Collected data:
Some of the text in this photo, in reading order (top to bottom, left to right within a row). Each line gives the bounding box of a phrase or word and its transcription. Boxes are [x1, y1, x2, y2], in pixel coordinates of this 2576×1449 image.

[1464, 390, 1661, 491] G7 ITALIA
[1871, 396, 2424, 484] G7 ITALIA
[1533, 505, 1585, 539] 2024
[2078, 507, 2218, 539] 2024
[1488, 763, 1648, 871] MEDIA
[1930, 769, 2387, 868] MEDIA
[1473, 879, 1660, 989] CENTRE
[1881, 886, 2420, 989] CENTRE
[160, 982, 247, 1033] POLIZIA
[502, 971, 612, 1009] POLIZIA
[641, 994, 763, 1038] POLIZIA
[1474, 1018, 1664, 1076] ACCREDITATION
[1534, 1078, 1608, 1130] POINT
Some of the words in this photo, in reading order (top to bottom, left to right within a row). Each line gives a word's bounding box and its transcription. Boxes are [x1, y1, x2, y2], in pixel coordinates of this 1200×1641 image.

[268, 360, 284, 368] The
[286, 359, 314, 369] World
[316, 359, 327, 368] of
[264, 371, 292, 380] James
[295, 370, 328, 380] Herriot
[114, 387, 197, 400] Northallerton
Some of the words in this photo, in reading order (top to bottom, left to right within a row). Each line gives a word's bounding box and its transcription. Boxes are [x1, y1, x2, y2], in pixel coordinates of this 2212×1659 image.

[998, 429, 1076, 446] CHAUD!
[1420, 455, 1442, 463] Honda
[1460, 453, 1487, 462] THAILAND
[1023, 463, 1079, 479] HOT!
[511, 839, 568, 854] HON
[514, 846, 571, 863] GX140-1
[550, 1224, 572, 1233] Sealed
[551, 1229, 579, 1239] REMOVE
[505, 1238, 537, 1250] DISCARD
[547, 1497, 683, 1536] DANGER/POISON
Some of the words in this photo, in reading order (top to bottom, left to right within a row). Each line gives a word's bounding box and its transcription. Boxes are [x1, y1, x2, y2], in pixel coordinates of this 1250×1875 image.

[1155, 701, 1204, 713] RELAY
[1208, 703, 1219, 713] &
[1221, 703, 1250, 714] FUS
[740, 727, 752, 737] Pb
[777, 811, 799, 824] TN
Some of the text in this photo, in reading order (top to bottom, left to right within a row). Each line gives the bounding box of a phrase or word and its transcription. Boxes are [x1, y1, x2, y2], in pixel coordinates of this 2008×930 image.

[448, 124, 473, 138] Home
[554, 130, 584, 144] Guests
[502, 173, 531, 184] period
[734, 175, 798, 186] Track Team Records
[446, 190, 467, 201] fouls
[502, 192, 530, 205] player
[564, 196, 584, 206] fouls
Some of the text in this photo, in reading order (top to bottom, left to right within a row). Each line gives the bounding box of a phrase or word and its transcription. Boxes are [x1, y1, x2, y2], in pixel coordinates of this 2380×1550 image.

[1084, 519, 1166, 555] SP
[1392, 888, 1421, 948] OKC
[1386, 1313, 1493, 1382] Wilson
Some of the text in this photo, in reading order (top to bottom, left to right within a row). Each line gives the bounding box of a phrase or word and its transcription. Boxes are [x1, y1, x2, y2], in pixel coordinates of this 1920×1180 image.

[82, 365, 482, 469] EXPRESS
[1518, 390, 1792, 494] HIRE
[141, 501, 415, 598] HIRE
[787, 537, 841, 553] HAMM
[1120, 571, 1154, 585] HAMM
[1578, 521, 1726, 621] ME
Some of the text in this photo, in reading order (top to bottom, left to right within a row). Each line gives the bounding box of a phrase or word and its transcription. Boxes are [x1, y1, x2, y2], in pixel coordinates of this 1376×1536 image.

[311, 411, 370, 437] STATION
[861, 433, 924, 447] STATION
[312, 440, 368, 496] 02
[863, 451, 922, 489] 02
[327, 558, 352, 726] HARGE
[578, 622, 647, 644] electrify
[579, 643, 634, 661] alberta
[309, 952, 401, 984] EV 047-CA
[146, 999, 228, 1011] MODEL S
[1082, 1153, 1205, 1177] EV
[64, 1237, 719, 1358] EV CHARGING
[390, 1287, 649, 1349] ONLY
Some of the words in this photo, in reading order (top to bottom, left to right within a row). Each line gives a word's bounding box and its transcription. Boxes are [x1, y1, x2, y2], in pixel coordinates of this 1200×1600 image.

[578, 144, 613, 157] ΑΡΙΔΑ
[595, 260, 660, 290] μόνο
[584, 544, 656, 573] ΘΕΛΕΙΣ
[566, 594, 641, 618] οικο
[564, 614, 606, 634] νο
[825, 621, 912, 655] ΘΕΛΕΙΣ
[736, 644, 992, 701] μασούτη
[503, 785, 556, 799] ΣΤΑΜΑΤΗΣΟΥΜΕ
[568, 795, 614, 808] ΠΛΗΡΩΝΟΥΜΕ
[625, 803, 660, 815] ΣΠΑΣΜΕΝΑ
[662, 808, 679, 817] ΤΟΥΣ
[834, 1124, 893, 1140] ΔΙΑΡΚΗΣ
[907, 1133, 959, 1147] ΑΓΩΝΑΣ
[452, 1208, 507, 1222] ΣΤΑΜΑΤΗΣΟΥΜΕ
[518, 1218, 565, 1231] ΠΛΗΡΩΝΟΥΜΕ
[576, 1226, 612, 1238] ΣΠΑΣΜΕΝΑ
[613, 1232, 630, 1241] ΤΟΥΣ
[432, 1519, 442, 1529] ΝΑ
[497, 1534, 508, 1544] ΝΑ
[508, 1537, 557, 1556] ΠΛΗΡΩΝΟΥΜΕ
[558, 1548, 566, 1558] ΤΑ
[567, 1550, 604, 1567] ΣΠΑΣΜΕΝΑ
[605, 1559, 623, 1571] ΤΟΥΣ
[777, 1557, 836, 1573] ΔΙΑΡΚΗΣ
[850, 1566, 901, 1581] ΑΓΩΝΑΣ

* [Task to complete]:
Repeat every record, exactly as written.

* [Exercise output]:
Some of the text in this photo, in reading order (top to bottom, left to right within a row). Each line gives the bounding box of a phrase or word and its transcription. Boxes are [x1, y1, x2, y2], in pixel coordinates of this 2576×1449 image.

[1464, 390, 1661, 491] G7 ITALIA
[1871, 396, 2424, 484] G7 ITALIA
[1533, 505, 1585, 539] 2024
[2078, 507, 2218, 539] 2024
[1488, 763, 1648, 871] MEDIA
[1930, 769, 2387, 868] MEDIA
[1473, 879, 1660, 989] CENTRE
[1881, 886, 2420, 989] CENTRE
[160, 982, 247, 1033] POLIZIA
[502, 971, 612, 1009] POLIZIA
[641, 994, 763, 1038] POLIZIA
[1474, 1018, 1664, 1076] ACCREDITATION
[1534, 1078, 1608, 1130] POINT
Some of the words in this photo, in reading order (top to bottom, left to right within a row). Each line gives a word's bounding box and its transcription. Boxes are [x1, y1, x2, y2], in pixel coordinates of this 1200×1641 image.

[268, 360, 284, 368] The
[286, 359, 314, 369] World
[316, 359, 327, 368] of
[264, 371, 292, 380] James
[295, 370, 328, 380] Herriot
[114, 387, 197, 400] Northallerton
Some of the words in this photo, in reading order (top to bottom, left to right within a row). Each line gives a word's bounding box and its transcription. Boxes are [x1, y1, x2, y2], in pixel coordinates of this 2212×1659 image.

[998, 429, 1076, 446] CHAUD!
[1420, 455, 1442, 463] Honda
[1460, 453, 1487, 462] THAILAND
[1023, 463, 1079, 479] HOT!
[511, 839, 568, 854] HON
[514, 846, 571, 863] GX140-1
[550, 1224, 572, 1233] Sealed
[551, 1229, 579, 1239] REMOVE
[505, 1238, 537, 1250] DISCARD
[547, 1497, 683, 1536] DANGER/POISON
Some of the words in this photo, in reading order (top to bottom, left to right within a row). Each line gives a word's bounding box and its transcription. Boxes are [x1, y1, x2, y2], in pixel coordinates of this 1250×1875 image.

[1155, 701, 1204, 713] RELAY
[1208, 703, 1219, 713] &
[1221, 703, 1250, 714] FUS
[740, 727, 752, 737] Pb
[777, 811, 799, 824] TN
Some of the text in this photo, in reading order (top to bottom, left to right within a row). Each line gives the bounding box of a phrase or word and its transcription. Boxes are [x1, y1, x2, y2], in pixel coordinates of this 2008×930 image.

[448, 124, 473, 138] Home
[554, 130, 584, 144] Guests
[502, 173, 531, 184] period
[734, 175, 798, 186] Track Team Records
[446, 190, 467, 201] fouls
[502, 192, 530, 205] player
[564, 196, 584, 206] fouls
Some of the text in this photo, in reading order (top to bottom, left to right within a row). Each line gives the bounding box of a phrase or word and its transcription. Boxes are [x1, y1, x2, y2], in pixel coordinates of this 2380×1550 image.

[1084, 519, 1166, 555] SP
[1392, 888, 1421, 948] OKC
[1386, 1313, 1493, 1382] Wilson
Some of the text in this photo, in reading order (top to bottom, left to right within a row). Each line gives the bounding box of a phrase or word and its transcription. Boxes are [x1, y1, x2, y2], in pixel coordinates of this 1920×1180 image.

[82, 365, 482, 469] EXPRESS
[1518, 390, 1792, 494] HIRE
[141, 501, 415, 598] HIRE
[787, 537, 841, 553] HAMM
[1120, 571, 1154, 585] HAMM
[1578, 521, 1726, 621] ME
Some of the text in this photo, in reading order (top to bottom, left to right within a row). Each line gives the bounding box of a phrase or word and its transcription. Boxes are [x1, y1, x2, y2], in pixel coordinates of this 1376×1536 image.

[311, 411, 370, 437] STATION
[861, 433, 924, 447] STATION
[312, 440, 368, 496] 02
[863, 451, 922, 489] 02
[327, 558, 352, 726] HARGE
[578, 622, 647, 644] electrify
[579, 643, 634, 661] alberta
[309, 952, 401, 984] EV 047-CA
[146, 999, 228, 1011] MODEL S
[1082, 1153, 1205, 1177] EV
[64, 1237, 719, 1358] EV CHARGING
[390, 1287, 649, 1349] ONLY
Some of the words in this photo, in reading order (top to bottom, left to right within a row). Each line gives a word's bounding box and its transcription. Boxes are [x1, y1, x2, y2], in pixel coordinates of this 1200×1600 image.

[578, 144, 613, 157] ΑΡΙΔΑ
[595, 260, 660, 290] μόνο
[584, 544, 656, 573] ΘΕΛΕΙΣ
[566, 594, 641, 618] οικο
[564, 614, 606, 634] νο
[825, 621, 912, 655] ΘΕΛΕΙΣ
[736, 644, 992, 701] μασούτη
[503, 785, 556, 799] ΣΤΑΜΑΤΗΣΟΥΜΕ
[568, 795, 614, 808] ΠΛΗΡΩΝΟΥΜΕ
[625, 803, 660, 815] ΣΠΑΣΜΕΝΑ
[662, 808, 679, 817] ΤΟΥΣ
[834, 1124, 893, 1140] ΔΙΑΡΚΗΣ
[907, 1133, 959, 1147] ΑΓΩΝΑΣ
[452, 1208, 507, 1222] ΣΤΑΜΑΤΗΣΟΥΜΕ
[518, 1218, 565, 1231] ΠΛΗΡΩΝΟΥΜΕ
[576, 1226, 612, 1238] ΣΠΑΣΜΕΝΑ
[613, 1232, 630, 1241] ΤΟΥΣ
[432, 1519, 442, 1529] ΝΑ
[497, 1534, 508, 1544] ΝΑ
[508, 1537, 557, 1556] ΠΛΗΡΩΝΟΥΜΕ
[558, 1548, 566, 1558] ΤΑ
[567, 1550, 604, 1567] ΣΠΑΣΜΕΝΑ
[605, 1559, 623, 1571] ΤΟΥΣ
[777, 1557, 836, 1573] ΔΙΑΡΚΗΣ
[850, 1566, 901, 1581] ΑΓΩΝΑΣ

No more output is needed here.